Establish the number of lines below that contain the string "BURGER". State that number alone.

▸ Images for object localization
----
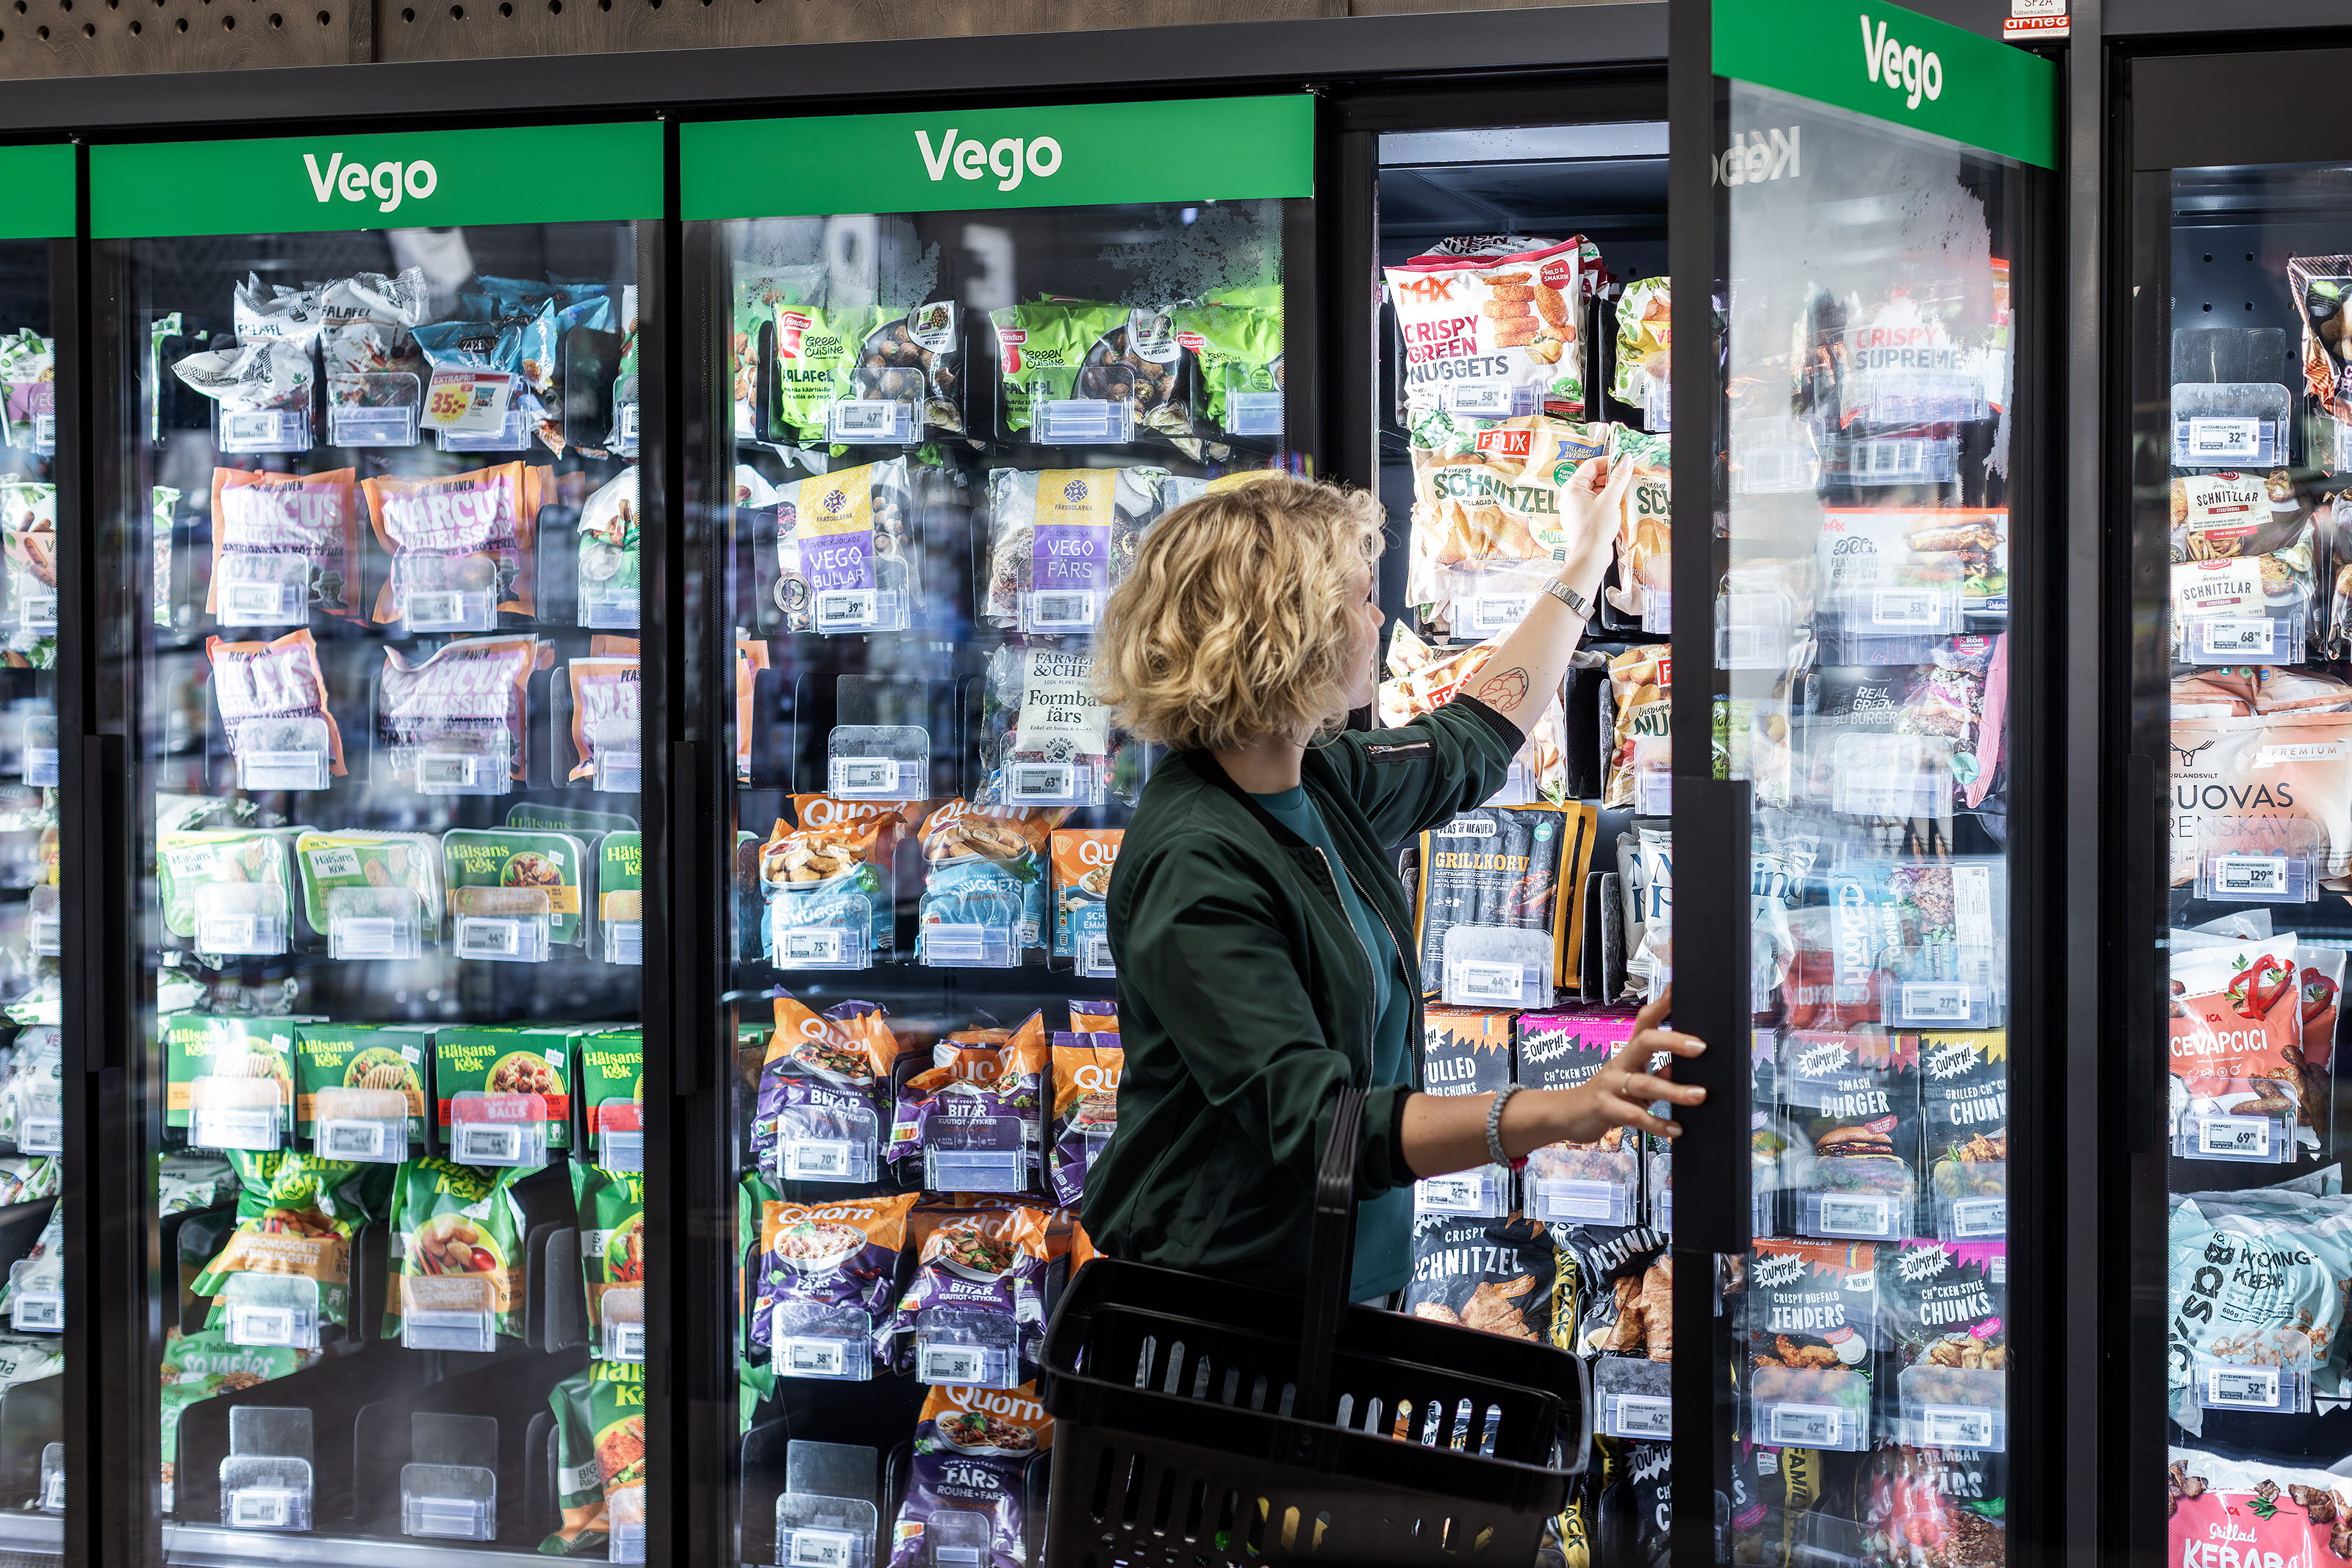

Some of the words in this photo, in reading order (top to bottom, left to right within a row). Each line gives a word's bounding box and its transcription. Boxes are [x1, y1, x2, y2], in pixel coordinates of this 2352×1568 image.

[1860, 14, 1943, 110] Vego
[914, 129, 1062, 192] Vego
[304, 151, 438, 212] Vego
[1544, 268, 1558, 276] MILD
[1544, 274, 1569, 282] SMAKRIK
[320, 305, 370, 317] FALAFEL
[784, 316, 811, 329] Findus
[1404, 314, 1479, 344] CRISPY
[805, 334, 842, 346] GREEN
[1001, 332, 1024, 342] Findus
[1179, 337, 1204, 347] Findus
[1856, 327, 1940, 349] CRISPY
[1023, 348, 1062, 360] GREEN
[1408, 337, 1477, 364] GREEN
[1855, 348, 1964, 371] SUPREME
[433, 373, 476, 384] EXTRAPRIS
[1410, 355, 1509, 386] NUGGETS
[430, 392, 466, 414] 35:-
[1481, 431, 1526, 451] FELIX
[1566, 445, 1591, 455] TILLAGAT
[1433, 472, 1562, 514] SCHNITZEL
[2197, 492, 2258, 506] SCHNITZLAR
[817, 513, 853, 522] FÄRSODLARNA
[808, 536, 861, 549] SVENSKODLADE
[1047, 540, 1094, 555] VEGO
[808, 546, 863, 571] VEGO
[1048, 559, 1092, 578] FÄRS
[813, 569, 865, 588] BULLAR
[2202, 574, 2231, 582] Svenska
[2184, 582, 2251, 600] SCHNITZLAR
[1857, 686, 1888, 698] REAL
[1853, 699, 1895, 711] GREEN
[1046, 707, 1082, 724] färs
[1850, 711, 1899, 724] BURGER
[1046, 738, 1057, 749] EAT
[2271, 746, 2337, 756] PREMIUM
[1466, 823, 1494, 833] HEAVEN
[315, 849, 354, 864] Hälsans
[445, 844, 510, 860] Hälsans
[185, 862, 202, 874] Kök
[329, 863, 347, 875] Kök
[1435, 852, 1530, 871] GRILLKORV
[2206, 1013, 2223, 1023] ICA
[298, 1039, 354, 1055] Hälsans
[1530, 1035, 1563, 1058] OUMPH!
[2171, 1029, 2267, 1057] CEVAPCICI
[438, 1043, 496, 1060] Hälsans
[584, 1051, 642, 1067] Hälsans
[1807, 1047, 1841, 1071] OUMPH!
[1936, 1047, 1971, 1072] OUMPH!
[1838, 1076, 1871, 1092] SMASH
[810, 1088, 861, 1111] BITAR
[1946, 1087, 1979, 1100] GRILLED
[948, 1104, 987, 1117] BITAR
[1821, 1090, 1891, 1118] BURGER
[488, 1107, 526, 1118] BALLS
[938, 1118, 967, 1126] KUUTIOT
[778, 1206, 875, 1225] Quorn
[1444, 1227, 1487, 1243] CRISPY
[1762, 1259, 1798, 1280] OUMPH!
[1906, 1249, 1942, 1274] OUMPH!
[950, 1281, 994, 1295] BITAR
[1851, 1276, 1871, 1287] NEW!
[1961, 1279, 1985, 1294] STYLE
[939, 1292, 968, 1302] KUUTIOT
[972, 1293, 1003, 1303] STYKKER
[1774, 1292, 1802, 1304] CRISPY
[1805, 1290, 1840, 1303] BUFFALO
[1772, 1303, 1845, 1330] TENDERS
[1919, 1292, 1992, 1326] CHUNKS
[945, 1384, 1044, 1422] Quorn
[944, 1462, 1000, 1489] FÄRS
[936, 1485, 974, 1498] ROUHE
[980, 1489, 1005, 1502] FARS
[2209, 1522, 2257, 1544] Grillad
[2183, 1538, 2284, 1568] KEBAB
----
▸ EXPECTED ANSWER
2